Homocysteine, glycine betaine, and N,N-dimethylglycine in patients attending a lipid clinic.

Biochemistry Unit, Canterbury Health Laboratories, PO Box 151, Christchurch, New Zealand.

We recruited nondiabetic subjects (n = 158) attending a lipid disorders clinic, a subset of whom (n = 46) had established cardiovascular disease. Glycine betaine, N,N-dimethylglycine, and carnitine were measured in fasting plasma and urine samples. The concentrations and excretions were related to known cardiovascular risk factors in multivariate regression models. The relationships between homocysteine and plasma and urinary glycine betaine were highly significant (P < .002), comparable with the known relationships with folate and plasma creatinine. The regression coefficient for plasma glycine betaine was consistently approximately -0.1 in 5 different regression models (3 best-subsets and forward and backward stepwise regression models) for predicting homocysteine using 23 variables.

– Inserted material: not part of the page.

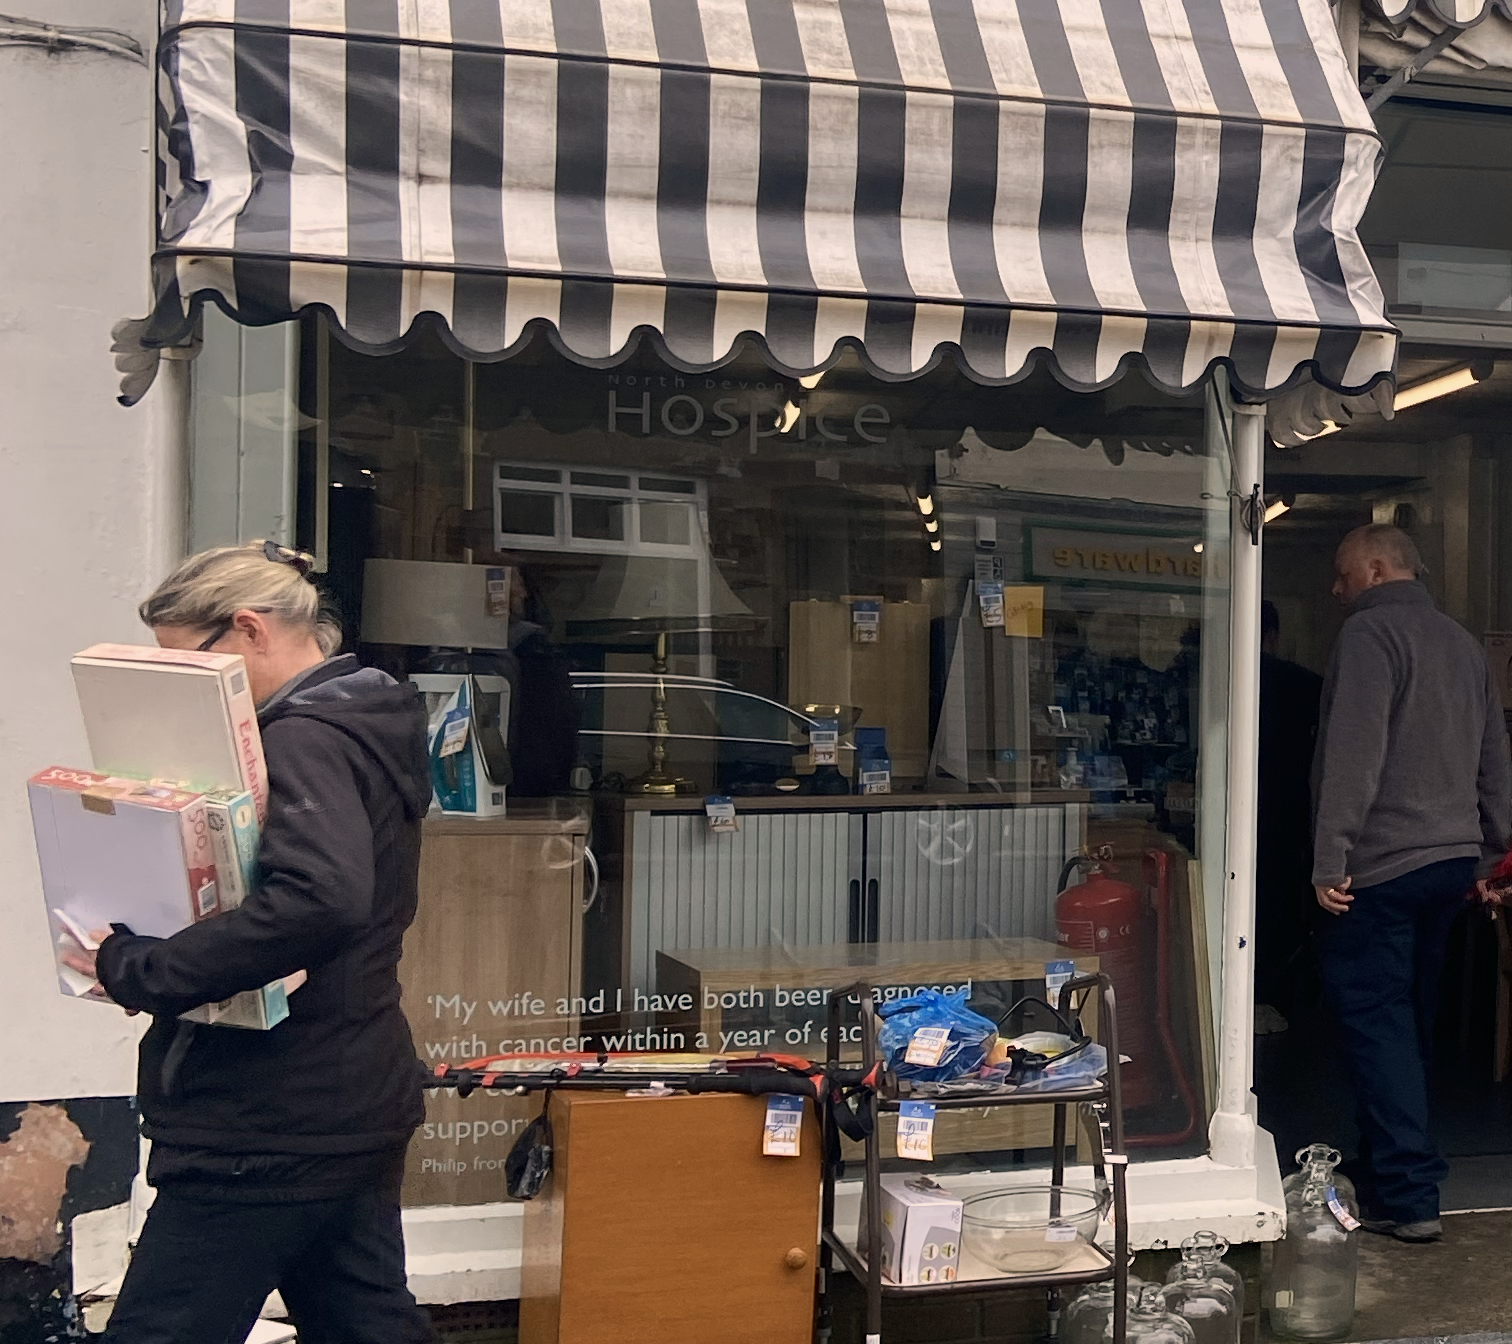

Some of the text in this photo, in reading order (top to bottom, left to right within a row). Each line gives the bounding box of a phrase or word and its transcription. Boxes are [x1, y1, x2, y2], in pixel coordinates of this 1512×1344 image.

Plasma glycine betaine was higher in males than in females, and the difference was associated with a difference in percentage of body fat. Its concentration included a constant factor of approximately 20 micromol/L that was independent of any of the variables investigated here. In the total group, body fat, homocysteine, and carnitine were significant predictors of plasma glycine betaine. Carnitine, an important betaine that is involved in lipid metabolism positively correlated with both homocysteine and glycine betaine. In our sample, the urinary excretion of glycine betaine was outside the reference range in 14 of the 158 subjects and the betaine fractional clearances were above the reference range in 23 subjects. Fractional clearance correlated strongly with plasma homocysteine (r = 0.50), and this relationship may be stronger in patients with known vascular disease. Urinary loss of glycine betaine may contribute to hyperhomocysteinemia and the development of cardiovascular disease.

PMID: 15562374 [PubMed - indexed for MEDLINE]